I can see where the value of loss might be quite substantial and certainly exceeded $1,000.
Nevertheless, it seems plain to me that his case was used as an “example” to warn others not to do what he did.
What you cite is immaterial to the actual punishment; the court "ordered to pay $675,000 for illegally downloading and sharing 30 songs on the Internet."
As you can see the actual punishment is for downloading 30 songs, not "sharing hundreds of songs."
And, here's a question for you; supposing this guy was using BitTorrents as his distribution and had a song that was split up into 100 'chunks' and his Bittorrent served out ONLY one of those pieces to one of a hundred different people. Each downloader only got one percent of the song, and yet only one song in total was served out. Was that one violation or a hundred?
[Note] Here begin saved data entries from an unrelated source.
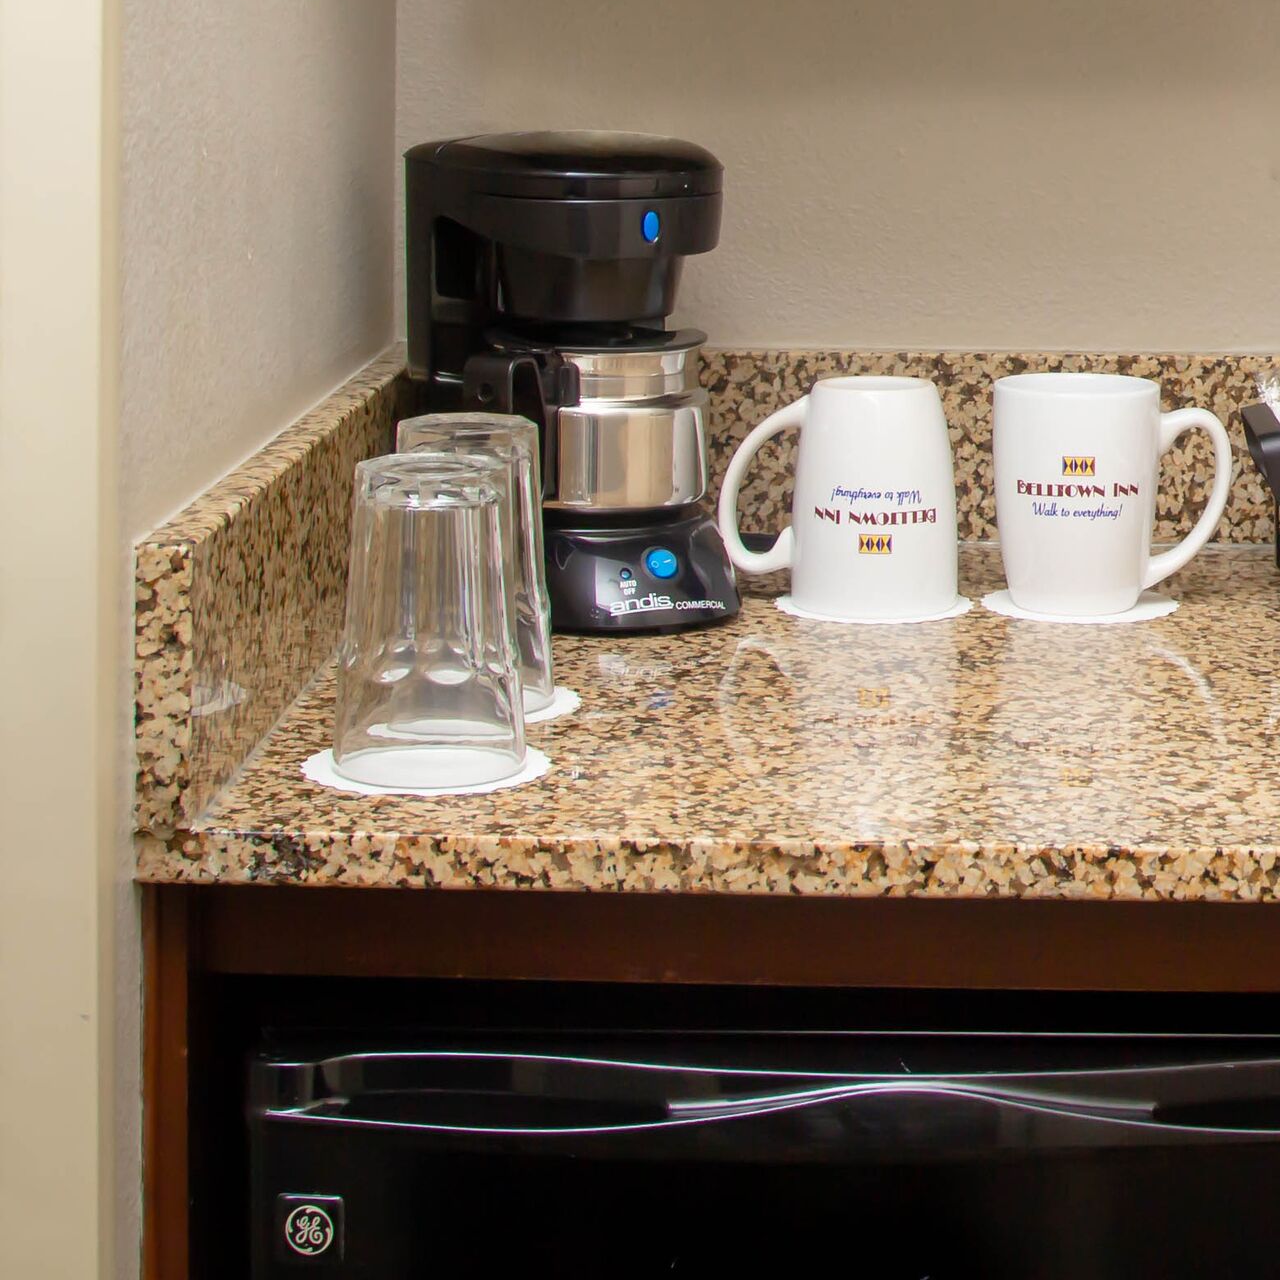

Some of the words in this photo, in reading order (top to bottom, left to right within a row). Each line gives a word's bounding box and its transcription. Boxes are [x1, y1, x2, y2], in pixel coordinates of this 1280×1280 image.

[831, 485, 882, 505] everything!
[884, 490, 894, 500] to
[897, 489, 922, 505] Walk
[1016, 479, 1105, 497] BELLTOWN
[1113, 481, 1139, 497] INN
[814, 505, 840, 524] INN
[848, 507, 936, 525] BELLTOWN
[1032, 501, 1058, 517] Walk
[1061, 507, 1070, 517] to
[1073, 503, 1123, 521] everything!
[620, 580, 637, 588] AUTO
[609, 592, 672, 614] andis
[675, 600, 726, 610] COMMERCIAL
Likewise, let us imagine a downloader who gets a song divided as above, but each of the pieces that he got were from different people. At the end he has ONE song, there were a hundred chunks downloaded from a hundred different people though; is his violation one, or a hundred.
Now, combining the two, assuming each of the sharers owns a legal copy, how much should the injured party get? A thousand from the downloader plus a thousand from each sharer? That would be $101,000 in total, and yet the total "injury" in this case is a single item.
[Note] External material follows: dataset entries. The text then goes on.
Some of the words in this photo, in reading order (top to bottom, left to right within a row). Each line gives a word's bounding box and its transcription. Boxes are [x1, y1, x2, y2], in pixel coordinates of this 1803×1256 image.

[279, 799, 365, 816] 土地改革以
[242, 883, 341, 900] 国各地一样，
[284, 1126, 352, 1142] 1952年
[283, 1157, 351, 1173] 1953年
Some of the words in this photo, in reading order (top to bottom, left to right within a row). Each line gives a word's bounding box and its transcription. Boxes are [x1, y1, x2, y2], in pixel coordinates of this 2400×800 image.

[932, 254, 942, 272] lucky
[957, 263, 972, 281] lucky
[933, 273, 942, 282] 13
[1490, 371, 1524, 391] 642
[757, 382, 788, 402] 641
Damn, but you are determined to prove me wrong. OK, OK, you were right and I was wrong.
I have no idea of what you’re talking about with references to stuff like Bittorrents.
As I pointed out, I thought the damages were set at such a high value to make an example of this guy by making the judgment at the amount it was. I was simply noting that it did seem like grand larceny. What do I know?
Anyway, I concede. And if you have real problems with this matter take it up with the court. Goodness, some people just want to be argumentative.
Let me address this backwards:
Yes, I've been accused of being argumentative; in this case slightly, moreso to get at what would be a just punishment though.
I have problems with "the system" but this stuff is lower on my list of priorities than others. This case is arguably a violation of the Constitution's prohibition of excessive fines; I'm more interested in fixing the more blatant/inarguable violations first.
BitTorrents are a common form of file-sharing where people on the network who have a particular piece of the requested file can share it. I picked it because it's file-type/purpose agnostic; one could argue that a program sharing only MP3s is designed for 'pirating' but BitTorrent is different in that many people use it for legitimate purposes too; such as distributing Linux ISOs or their software installer (BitTorrent giving the advantage of not overloading their servers with download-requests when popular new-releases come out).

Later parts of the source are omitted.